愛する犬と暮らす

この子たちに出逢えてよかった。

雪の上のシェラらしからぬ歩き方

2012-01-24 22:49:29 | がんばれ、シェラ!

☆雪の上で転がって遊ぶ 
 雪が降るという予報を聞いたとき、「積もってくれ!」と願った。シェラのために雪が積もってほしかった。その雪を期待して今朝はいつもより少し早くベッドを出た。毎朝の起床時刻である午前6時にはシェラとルイをともなって外へ出ていた。東の空の茜色がきれいだった。日の出の時間が早まったような気がする。

 雪は残っていたが思ったほどではない。濡れて凍ったアスファルトの路面を歩くと、踏みしめる度にバリバリと音をたてる。油断すれば滑って転びそうなのに雪がほとんど見えないことに失望しながらも、いつもどおりの方角へと歩き出す。

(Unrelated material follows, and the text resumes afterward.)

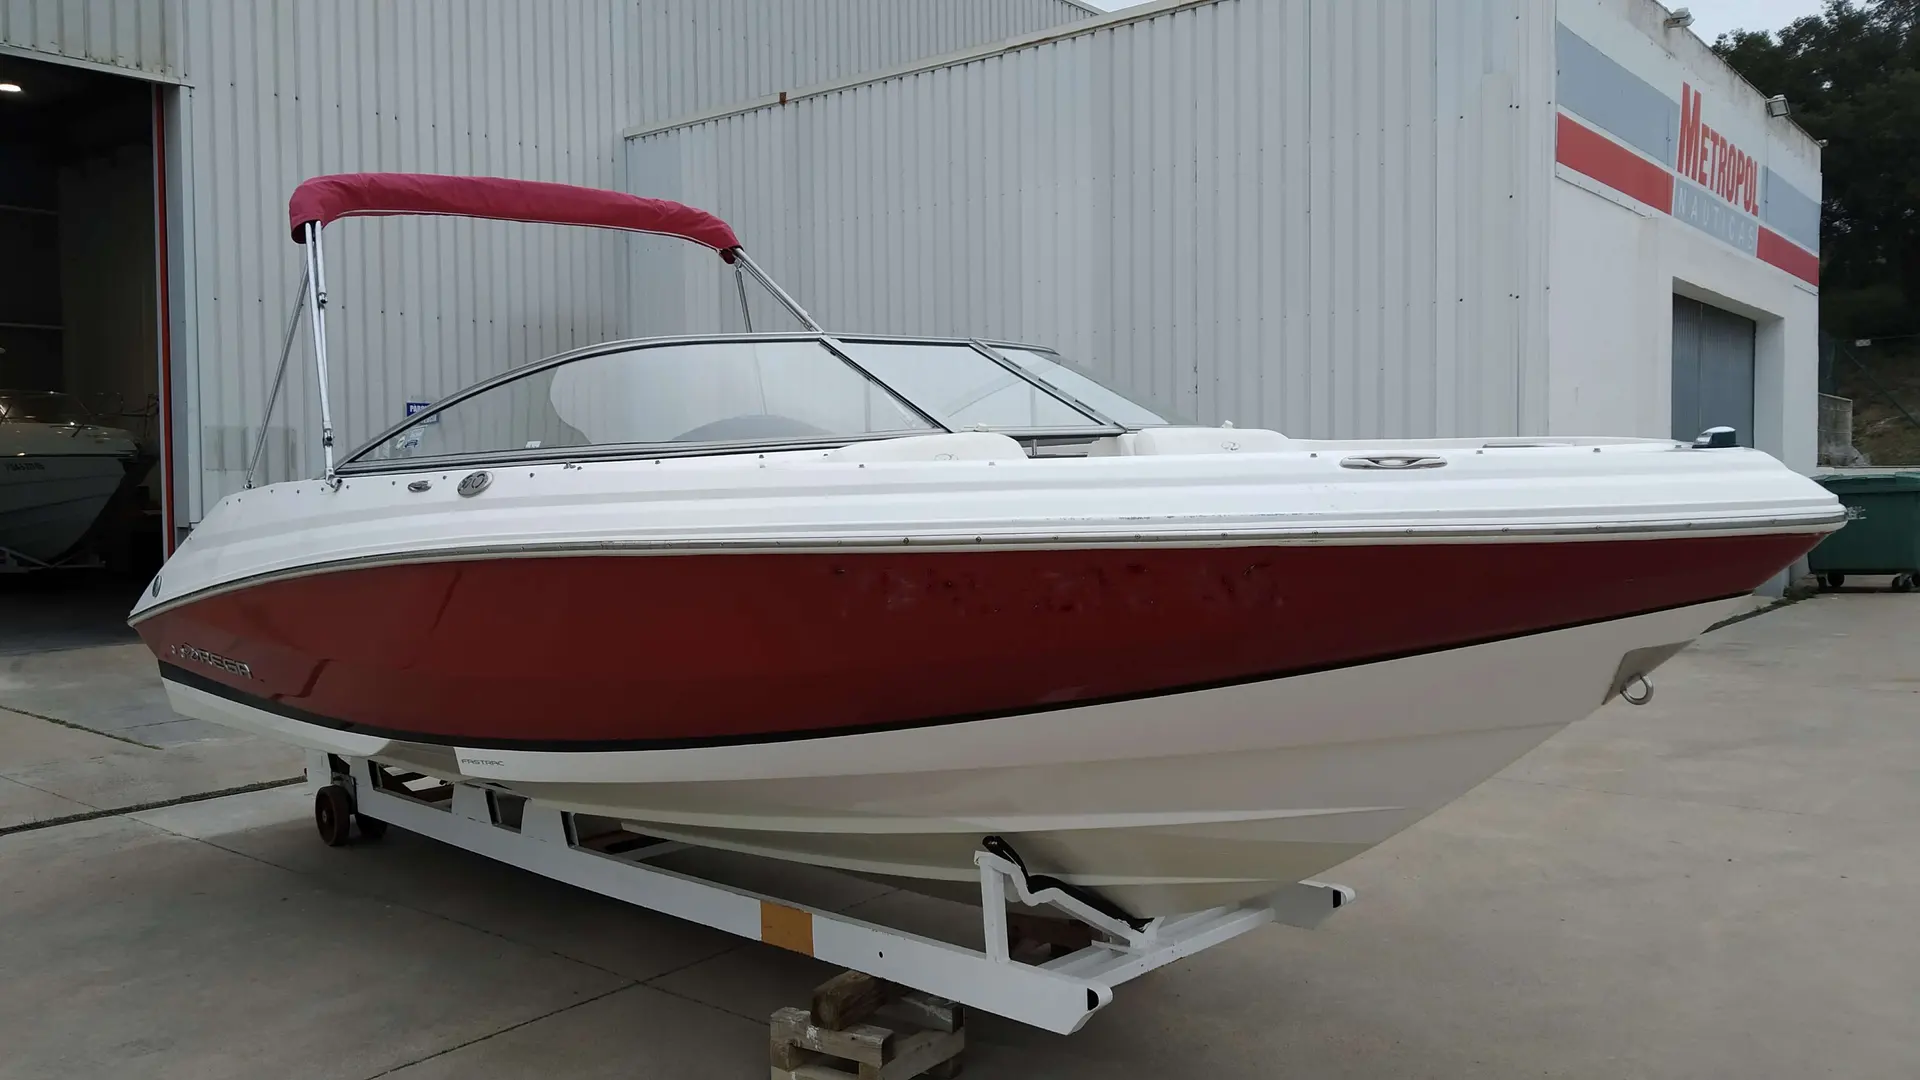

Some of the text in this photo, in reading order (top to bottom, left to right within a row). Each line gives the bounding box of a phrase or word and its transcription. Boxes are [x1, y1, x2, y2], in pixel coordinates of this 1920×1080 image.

[1676, 81, 1759, 218] METROPOL
[1678, 187, 1755, 250] NAUTICAS
[461, 758, 505, 767] FASTRAC
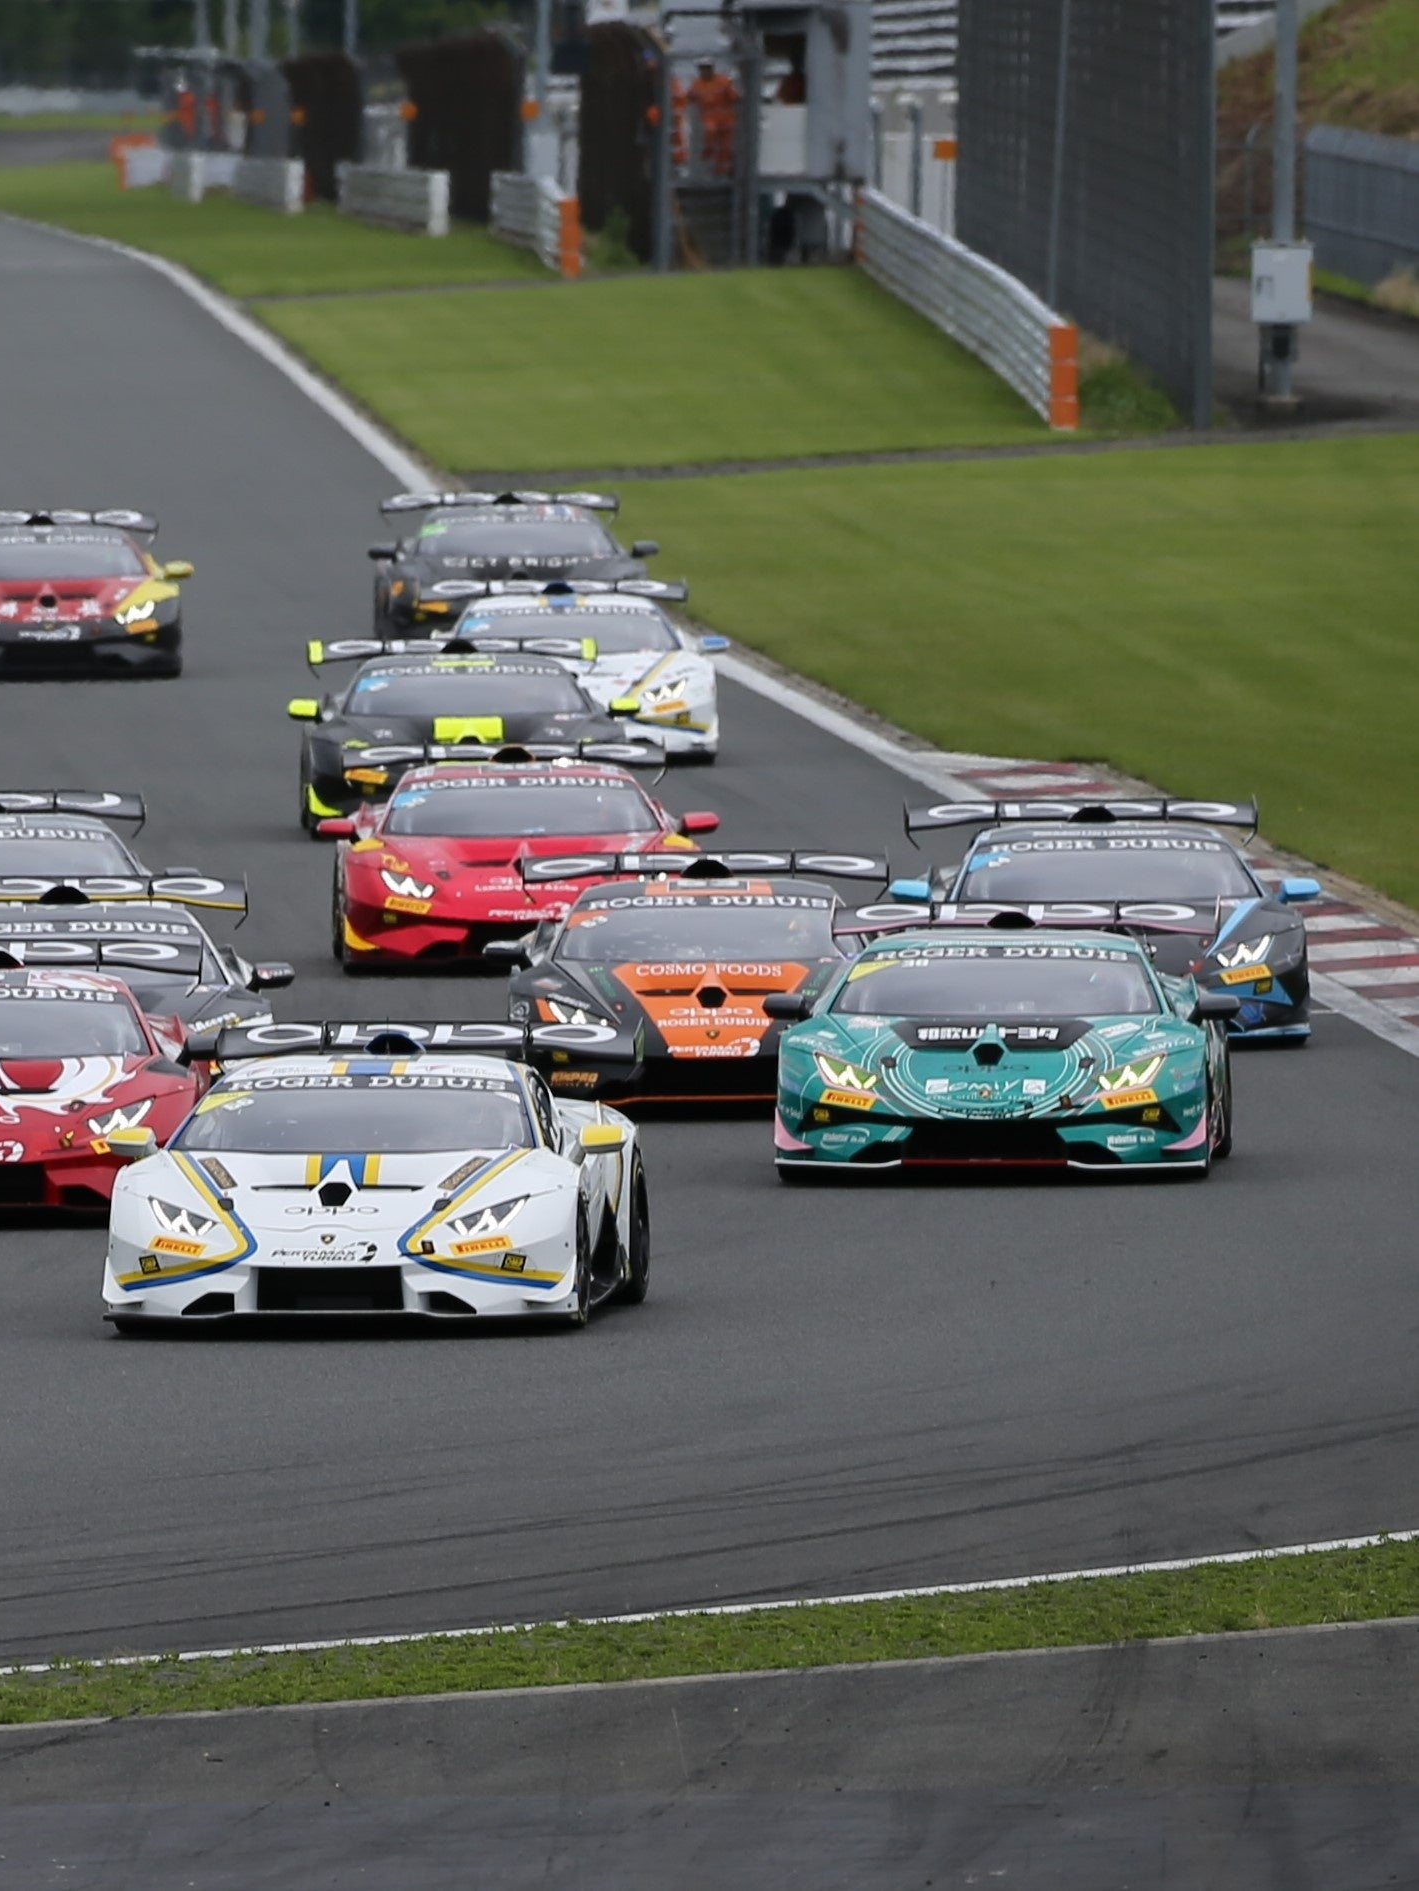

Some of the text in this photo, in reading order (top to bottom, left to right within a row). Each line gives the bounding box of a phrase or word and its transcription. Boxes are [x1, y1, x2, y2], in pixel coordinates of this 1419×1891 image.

 雪の上でかけまわっていたころのシェラを思い出す。「犬は喜び庭かけまわり……」の歌詞(小学唱歌『雪』)そのままに、雪が降るとシェラは喜んでかけまわり、積もった雪に背中をゴロゴロして喜んだものだった。そんなシェラを、ぼくは心からの幸せを感じつつ眺めていた。
 
 春が近づいても東京に雪が降らない年は、わざわざ富士山あるいは八ヶ岳の山裾の、道端などの残雪を求めて出かけたていた。わずかな雪でもシェラの喜びは爆発して、しつこく身体をなすりつけていたものだ。

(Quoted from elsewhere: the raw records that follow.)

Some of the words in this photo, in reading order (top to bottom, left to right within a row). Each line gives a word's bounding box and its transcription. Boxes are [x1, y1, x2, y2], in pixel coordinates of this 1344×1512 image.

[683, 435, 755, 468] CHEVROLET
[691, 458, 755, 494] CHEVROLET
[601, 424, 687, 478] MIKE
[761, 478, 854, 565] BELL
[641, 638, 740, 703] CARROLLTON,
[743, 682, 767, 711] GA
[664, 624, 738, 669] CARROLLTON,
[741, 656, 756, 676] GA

 雪を手にすくい、ゆるく丸めて投げてやると口で器用にキャッチする。崩れた雪がパア~っと顔にかぶさる。それを嫌がらず、もっと投げてと吠えるから、また雪玉をシェラの顔めがけて投げてやる。そうやって時間の経つのも忘れて遊んだ日も一度や二度ではない。


☆せめてもう一度…… 
 期待した雪は目の前になかったが、それでもシェラは立ち止まらず、散歩コースをたどりはじめた。わずかであっても所どころの雪の痕跡がシェラを元気づけてくれたらしい。50メートルほど先の道端の土の上に積もった雪が消えずに残っていた。ほんの半畳ほどの面積の雪原にはまだ誰も入っていない。シェラがにおいを嗅ぎ、ルイが嗅いだ。
 
 シェラはもう転がって喜ぶ体力は残っていなかった。雪にはしゃぐ気力も失せていた。それでもここまで歩いてくれたことがうれしかった。今朝は珍しくウンコも出手の帰り道、アイスバーンに滑らないようにそろそろと歩くシェラがぼくには寂しかった。
 「シェラ、おまえらしくない歩き方だよなぁ……」

 そして、エントランス近くでシェラは吐いた。固形物はなく、薄い胃液と水だった。
 衰弱が進めば吐くようになるのも予測しており、吐き気止め薬を何錠かもらっている。吐瀉物を持参した水で流し、シェラを疲れさせないようにその場に置いてクレートを持ってきて入れた。
  
 今朝もそのあと、シェラを残し、ルイだけを連れて5分ほどだが散歩した。ルイは雪にはしゃぐ。少しでも雪が積もっている場所へくると走りまわって喜んだ。
 シェラがまだ外の散歩ができるうちに、もう一度くらい雪が降ってほしい。多くを望みはしないけど、路面が真っ白になるくらい積もってほしい。丸めた雪をシェラの顔に投げてやりたい。口でキャッチはできなくても、きっと、喜んで受けてくれるだろう。
 
 せめてもう一度、冬らしい雪がほしい。